Das Bundesumweltministerium hat ein umfangreiches Beteiligungsverfahren zum Klimaschutzplan 2050 der Bundesregierung durchgeführt. Das informelle Verfahren umfasste die Beteiligung von Bürger*innen sowie traditioneller Stakeholder und fand vor der Erstellung des Hausentwurfes und der folgenden Ressortabstimmungen zum Kabinettsbeschluss statt. Die Bertelsmann Stiftung und die Johannes Gutenberg-Universität Mainz haben das Pilotprojekt begleitend evaluiert.
Ort
Dauer
Hintergrund
Im Koalitionsvertrag aus dem Jahr 2013 wurde festgelegt, dass im Umfeld der Pariser Klimaschutzkonferenz 2015 ein nationaler Klimaschutzplan mit breiter Beteiligung erstellt werden sollte. Initiiert wurde der Prozess durch das Bundesministerium für Umwelt, Naturschutz, Bau und Reaktorsicherheit (BMUB).
Ziel
Durch die Einbindung der Bevölkerung sollten alltagsnahe Klimaschutzmaßnahmen entwickelt, aber auch Öffentlichkeit und erhöhte Akzeptanz der politischen Entscheidungen geschaffen sowie Multiplikatorwirkung erzielt werden. Der vermehrte Einsatz innovativer Bürgerbeteiligungsformate ist zugleich eine Möglichkeit, wertvolle Erfahrungen der Bevölkerung bei der Politikgestaltung einzubeziehen.
Prozess
Ein umfänglicher, mehrstufiger Dialog- und Beteiligungsprozess flankierte die Erarbeitung des Klimaschutzplans 2050. Die erste Säule umfasste dabei mit Ländern, Kommunen und Verbänden klassische Interessengruppen. Innovativ war die zweite Säule: Auch die Bürger*innen sollten direkt beteiligt werden. Zunächst liefen die Beteiligungsprozesse in beiden Säulen unabhängig voneinander, wurden dann aber im Prozess zunehmend verzahnt.

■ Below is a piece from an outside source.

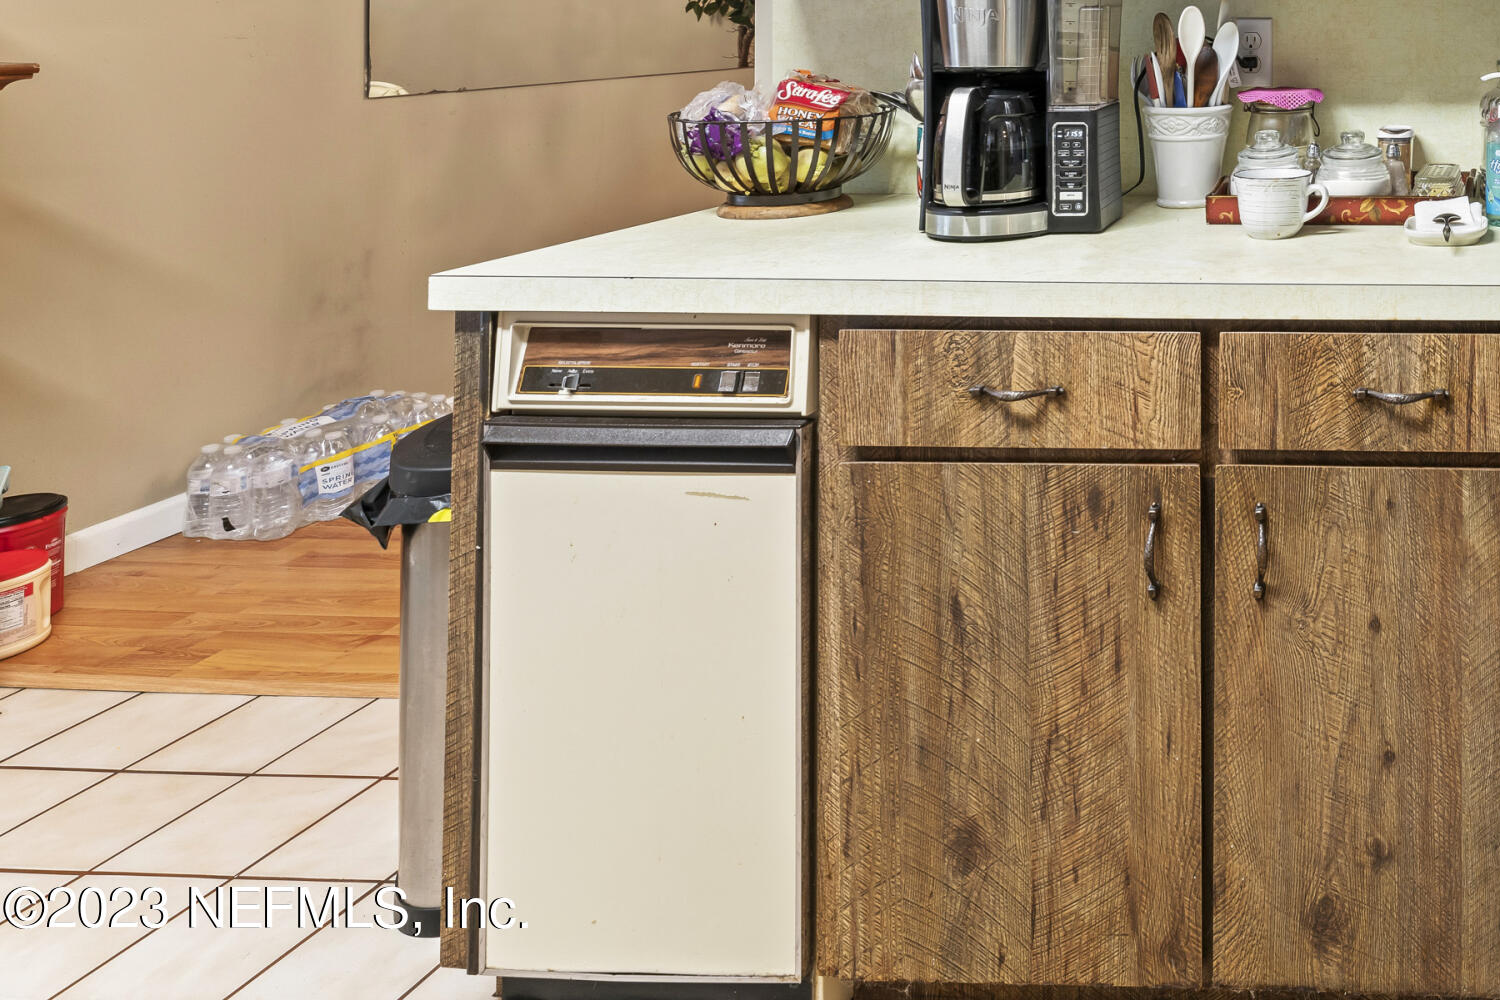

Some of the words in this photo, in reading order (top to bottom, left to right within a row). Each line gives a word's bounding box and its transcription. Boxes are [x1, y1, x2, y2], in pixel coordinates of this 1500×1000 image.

Kern der Bürgerbeteiligung war vor allem der „Tag des Bürgerdialogs“, der am 14. November 2015 an fünf Orten in Deutschland gleichzeitig stattfand: in Essen, Frankfurt, Hamburg, Leipzig und Nürnberg. Insgesamt nahmen 472 zufällig ausgewählte Bürger*innen teil. Der Tag des Bürgerdialogs bot ihnen die Möglichkeit, sich vor Ort zu informieren, direkt miteinander zu diskutieren und gemeinsam Maßnahmenvorschläge zu entwickeln. Insgesamt entwickelten die Bürger*innen an diesem Tag 77 Maßnahmen, die entlang von fünf Themenbereichen strukturiert waren: Verkehr, Landwirtschaft/Landnutzung, Industrie-Gewerbe-Handel und Dienstleistungen, Gebäude und Energiewirtschaft.
Diese 77 Maßnahmen wurden im nächsten Schritt auf einer Online-Plattform bereitgestellt. Die Plattform diente zur Diskussion des zuvor erstellten Maßnahmenbündels. Diese erste Online-Phase stand allen Bürger*innen im Zeitraum zwischen dem 24. November 2015 und dem 21. Dezember 2015 offen.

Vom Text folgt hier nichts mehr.